Rain played a big part early on. "We had the wettest winter recorded for the last 50 years, and higher rainfall than usual [from] October [through] January," noted Bruwer Raats, winemaker for Delaire.
But dry, moderate weather prevailed at the end of January, and lasted through February, allowing for the early-ripening Sauvignon Blanc and Chenin Blanc grapes to be harvested in good condition.
Then at the end of February, a heat wave, which lasted for about four weeks, stressed the grapes that ripen in midseason, such as Merlot, Cabernet Franc and Chardonnay. With ground moisture still high from the wet winter, mildew and rot became concerns for winemakers.
Luckily, mild weather returned at the end of March, and the late-ripening Cabernet Sauvignon was able to recover. Some growers claimed that the extra hang time allowed the acidity to rebound and produce fine grapes.
Since the Stellenbosch region has numerous microclimates, the final results differed from estate to estate. Raats said his Cabernet Sauvignon "turned out to be very good."

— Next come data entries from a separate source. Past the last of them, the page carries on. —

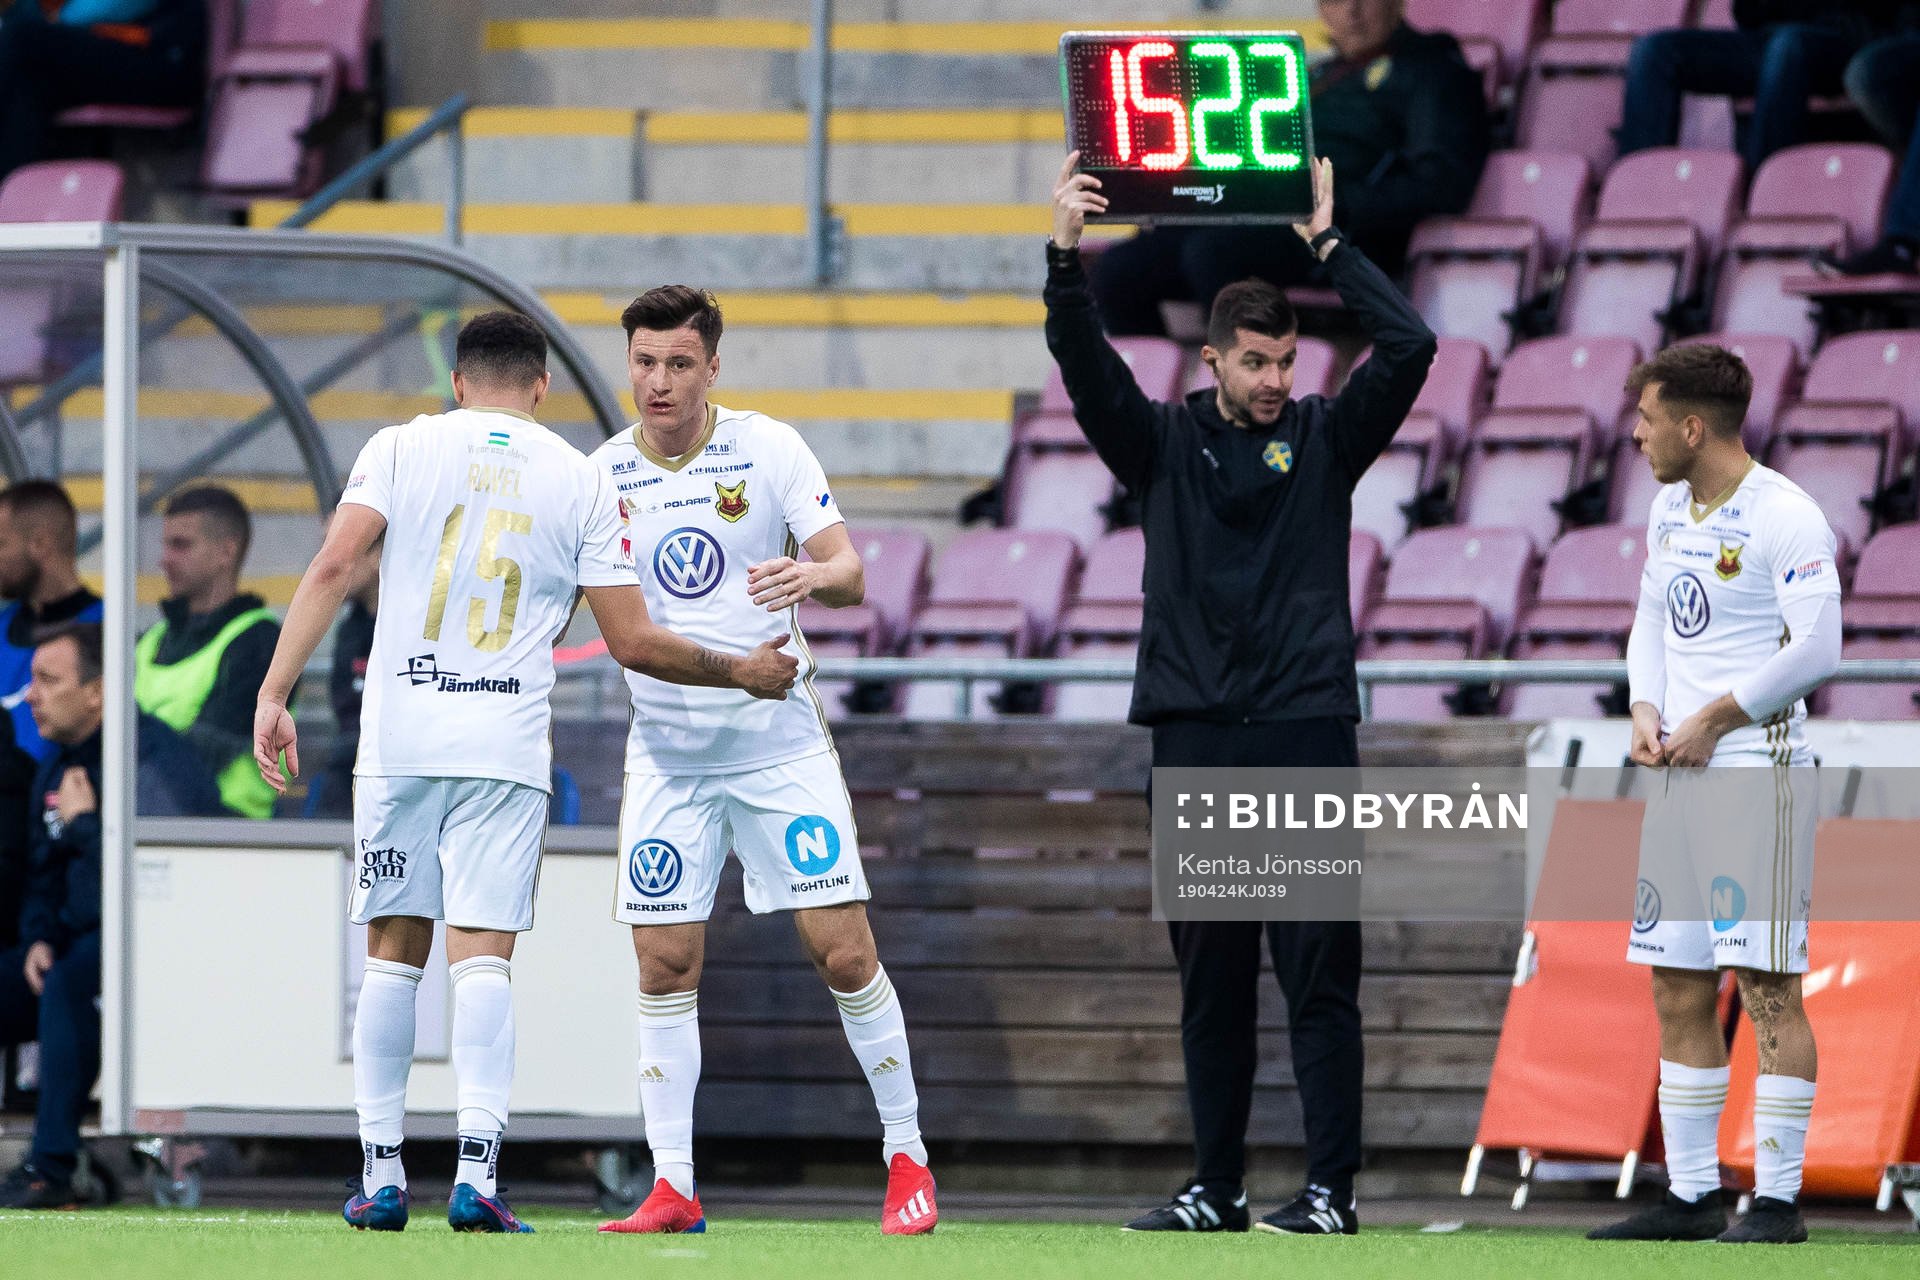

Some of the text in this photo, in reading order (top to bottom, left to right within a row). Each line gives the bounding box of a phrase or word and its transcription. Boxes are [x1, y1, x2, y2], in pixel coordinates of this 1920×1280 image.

[1110, 43, 1301, 169] 15 22
[626, 460, 637, 470] AB
[468, 464, 523, 500] RAVEL
[664, 496, 713, 510] POLARIS
[423, 503, 534, 654] 15
[437, 676, 521, 695] Jämtkraft
[359, 863, 405, 889] gym
[791, 874, 850, 893] NIGHTLINE
[626, 902, 687, 912] BERNERS

Mike Dobrovic, winemaker for Mulderbosch, pointed out that despite the fact that rot significantly reduced crop yields, slower ripening resulted in higher acids and more complex flavors in the grapes. "Only about once in 10 years do we get this type of complexity," he said.
In contrast, Jean Engelbrecht, the outspoken owner of Rust en Vrede, said the uneven ripening season, which cost him 25 percent of his crop, meant that "naturally the quality will be adversely affected." Englebrecht prefers the 2000 and 2001 wines, respectively, over the 2002 vintage.
In wine regions farther away from Stellenbosch, the weather was more uniform. Vernon Davis, managing director for KWV, which draws on vineyards around the country, confirmed that the season was uneven in Stellenbosch, but noted that "good crops were harvested in all the other regions, especially the Orange River district." In these outlying areas, the common heat waves that can pose problems at the end of the harvest season did not occur in 2002.
The good-size crops in these other areas compensated for the reduced yields in Stellenbosch and Paarl, and the country's total wine production for the year was estimated at about 808 million liters, compared to 742.8 million liters in 2001, according to figures from South Africa Wine Industry and Information Systems.